What is being asked: Exactly reproduce the lines from the one holding "this 1200×1600 image." through the final line of the listing below, with both ends included and nothing else.

Data records:
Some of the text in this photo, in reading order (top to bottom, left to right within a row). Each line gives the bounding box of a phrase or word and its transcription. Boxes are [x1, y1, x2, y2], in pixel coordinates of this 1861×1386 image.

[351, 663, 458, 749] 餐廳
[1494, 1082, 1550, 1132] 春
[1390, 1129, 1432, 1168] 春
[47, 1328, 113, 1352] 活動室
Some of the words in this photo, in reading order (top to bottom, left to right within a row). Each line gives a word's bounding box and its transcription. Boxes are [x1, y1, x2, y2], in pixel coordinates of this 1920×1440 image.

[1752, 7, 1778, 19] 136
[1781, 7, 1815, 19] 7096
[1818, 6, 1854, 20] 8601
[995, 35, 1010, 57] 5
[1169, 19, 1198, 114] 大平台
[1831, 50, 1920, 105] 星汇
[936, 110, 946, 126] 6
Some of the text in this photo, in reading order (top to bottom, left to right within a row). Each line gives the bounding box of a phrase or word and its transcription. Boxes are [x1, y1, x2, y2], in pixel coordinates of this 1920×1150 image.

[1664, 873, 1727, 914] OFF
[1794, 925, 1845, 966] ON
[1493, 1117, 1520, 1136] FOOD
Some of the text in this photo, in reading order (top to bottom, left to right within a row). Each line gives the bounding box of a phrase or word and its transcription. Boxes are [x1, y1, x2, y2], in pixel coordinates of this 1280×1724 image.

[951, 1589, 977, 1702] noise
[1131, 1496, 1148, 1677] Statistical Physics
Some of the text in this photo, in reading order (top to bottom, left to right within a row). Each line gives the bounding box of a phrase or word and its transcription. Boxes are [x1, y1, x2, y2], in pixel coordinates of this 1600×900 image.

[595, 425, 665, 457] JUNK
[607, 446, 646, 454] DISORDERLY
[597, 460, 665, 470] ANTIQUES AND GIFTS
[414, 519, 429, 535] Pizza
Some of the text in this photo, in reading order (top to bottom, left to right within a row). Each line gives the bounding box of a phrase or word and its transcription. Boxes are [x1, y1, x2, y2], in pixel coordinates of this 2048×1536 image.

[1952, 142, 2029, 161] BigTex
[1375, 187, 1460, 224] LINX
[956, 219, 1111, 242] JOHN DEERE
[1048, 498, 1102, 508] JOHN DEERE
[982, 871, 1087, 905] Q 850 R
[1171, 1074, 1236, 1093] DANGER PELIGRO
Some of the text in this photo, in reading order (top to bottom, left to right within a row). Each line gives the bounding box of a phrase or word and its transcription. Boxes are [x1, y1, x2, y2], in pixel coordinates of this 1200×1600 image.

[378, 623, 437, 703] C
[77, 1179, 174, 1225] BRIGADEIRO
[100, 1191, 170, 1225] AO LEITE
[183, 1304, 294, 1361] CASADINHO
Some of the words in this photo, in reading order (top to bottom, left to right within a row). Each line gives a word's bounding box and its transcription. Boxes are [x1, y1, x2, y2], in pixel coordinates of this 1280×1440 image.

Exercise response:
Some of the text in this photo, in reading order (top to bottom, left to right within a row). Each line gives the bounding box of a phrase or word and its transcription. Boxes are [x1, y1, x2, y2], in pixel coordinates of this 1200×1600 image.

[378, 623, 437, 703] C
[77, 1179, 174, 1225] BRIGADEIRO
[100, 1191, 170, 1225] AO LEITE
[183, 1304, 294, 1361] CASADINHO
Some of the words in this photo, in reading order (top to bottom, left to right within a row). Each line gives a word's bounding box and its transcription. Boxes are [x1, y1, x2, y2], in pixel coordinates of this 1280×1440 image.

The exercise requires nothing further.